====== Extracted data

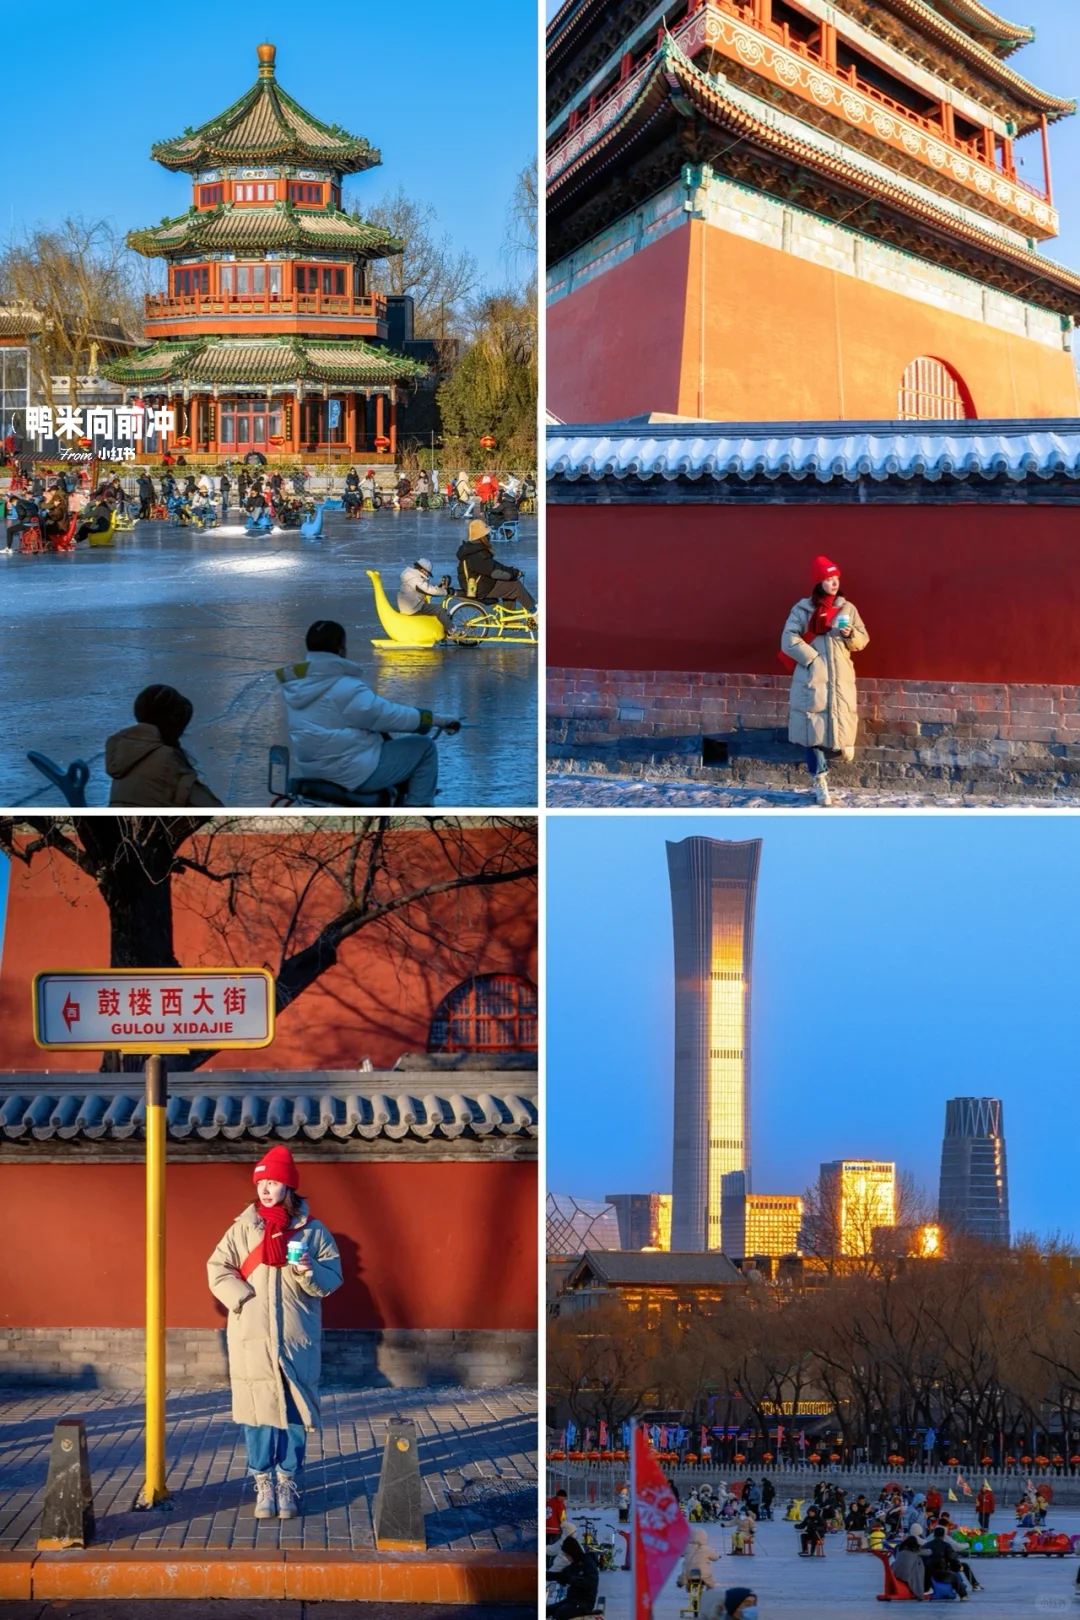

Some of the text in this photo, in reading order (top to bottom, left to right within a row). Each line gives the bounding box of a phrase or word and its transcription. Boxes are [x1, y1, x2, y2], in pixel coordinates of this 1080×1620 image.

[97, 986, 247, 1017] 鼓楼西大街
[111, 1022, 233, 1035] GULOU XIDAJIE
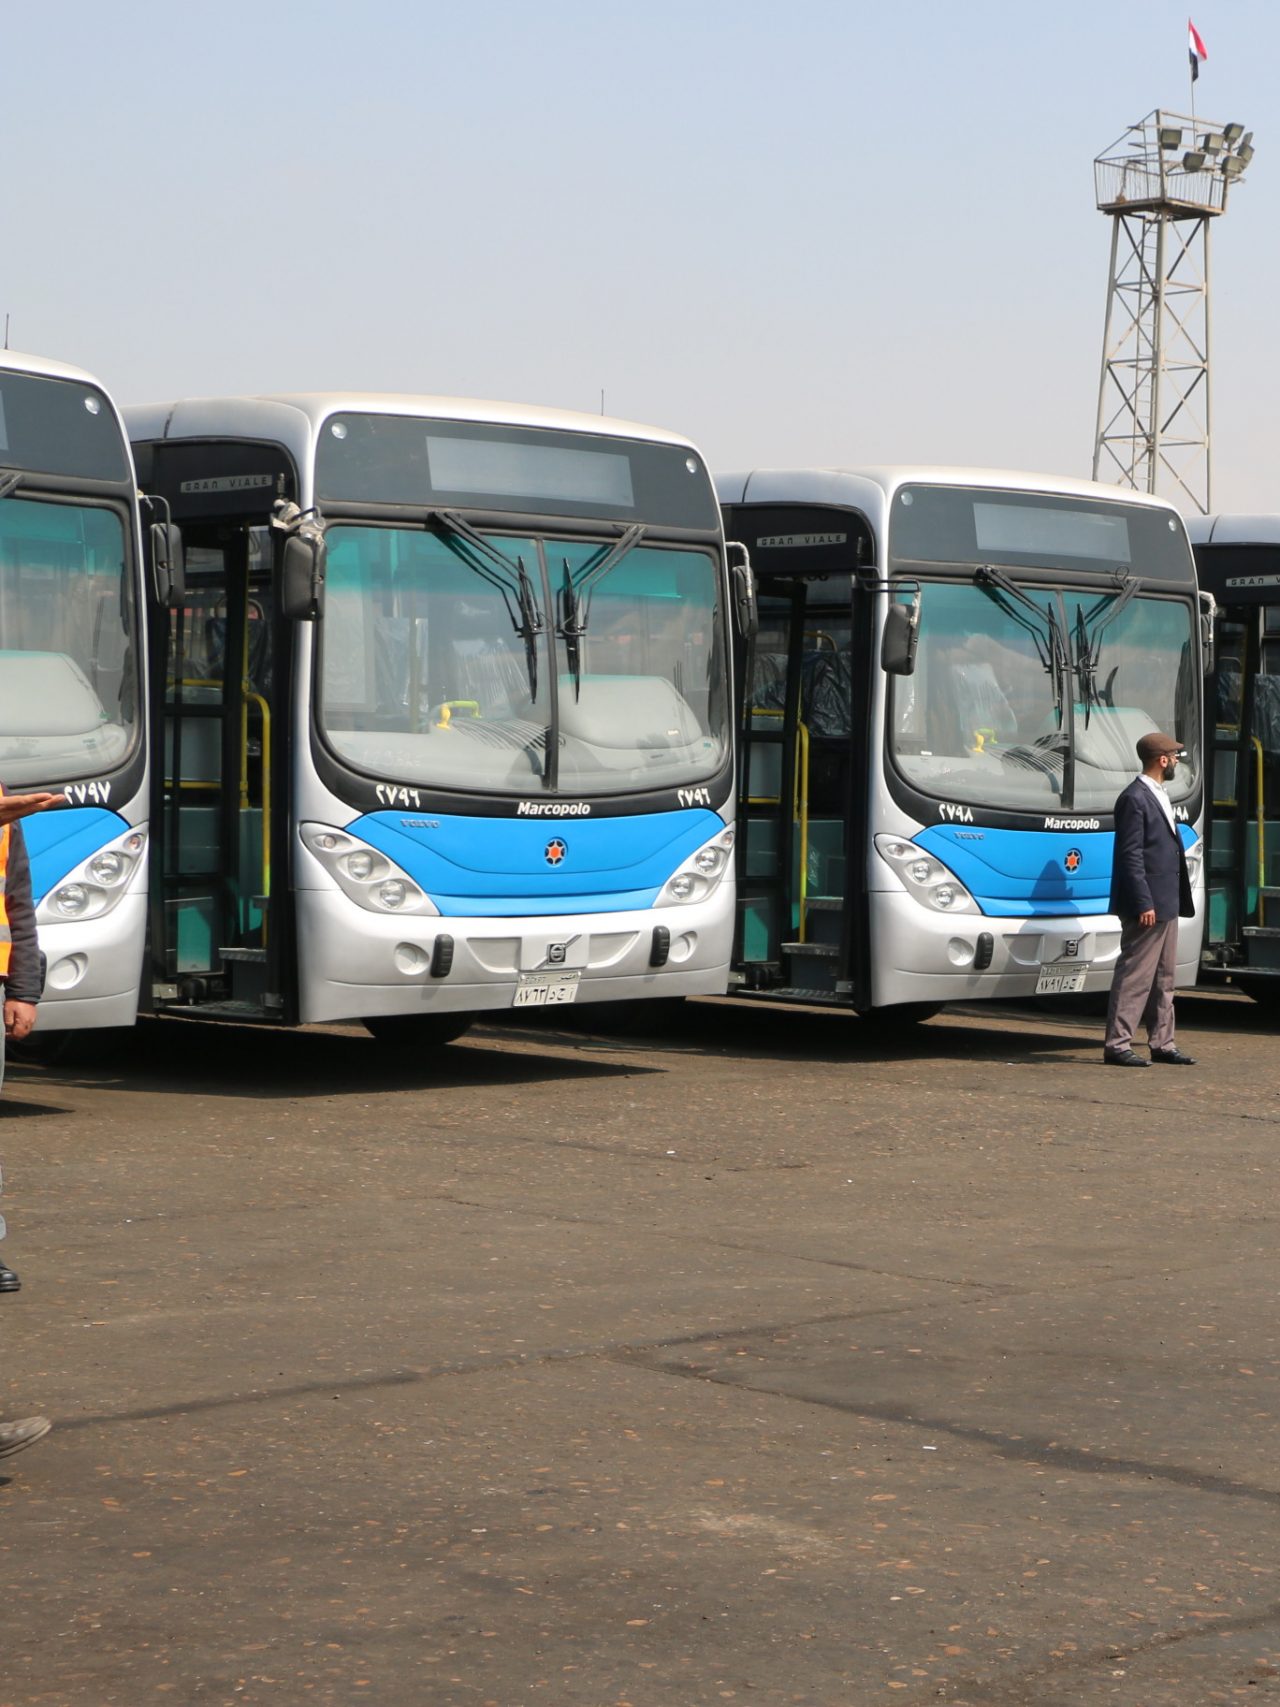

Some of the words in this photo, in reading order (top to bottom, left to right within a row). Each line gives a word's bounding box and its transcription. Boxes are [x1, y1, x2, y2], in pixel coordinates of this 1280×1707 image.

[229, 477, 267, 488] VIALE
[804, 534, 842, 544] VIALE
[63, 781, 111, 805] ٢٧٩٧
[516, 802, 591, 816] Marcopolo
[399, 818, 440, 829] VOLVO
[1043, 817, 1100, 831] Marcopolo

============

Brief
Every entry above needs to be duplicated precisely, and none of the pictures should appear.

Your solution
Some of the text in this photo, in reading order (top to bottom, left to right within a row). Each line gives the bounding box of a phrase or word and its transcription. Boxes are [x1, y1, x2, y2], in pixel coordinates of this 1080×1620 image.

[97, 986, 247, 1017] 鼓楼西大街
[111, 1022, 233, 1035] GULOU XIDAJIE

Some of the words in this photo, in reading order (top to bottom, left to right within a row). Each line gives a word's bounding box and its transcription. Boxes are [x1, y1, x2, y2], in pixel coordinates of this 1280×1707 image.

[229, 477, 267, 488] VIALE
[804, 534, 842, 544] VIALE
[63, 781, 111, 805] ٢٧٩٧
[516, 802, 591, 816] Marcopolo
[399, 818, 440, 829] VOLVO
[1043, 817, 1100, 831] Marcopolo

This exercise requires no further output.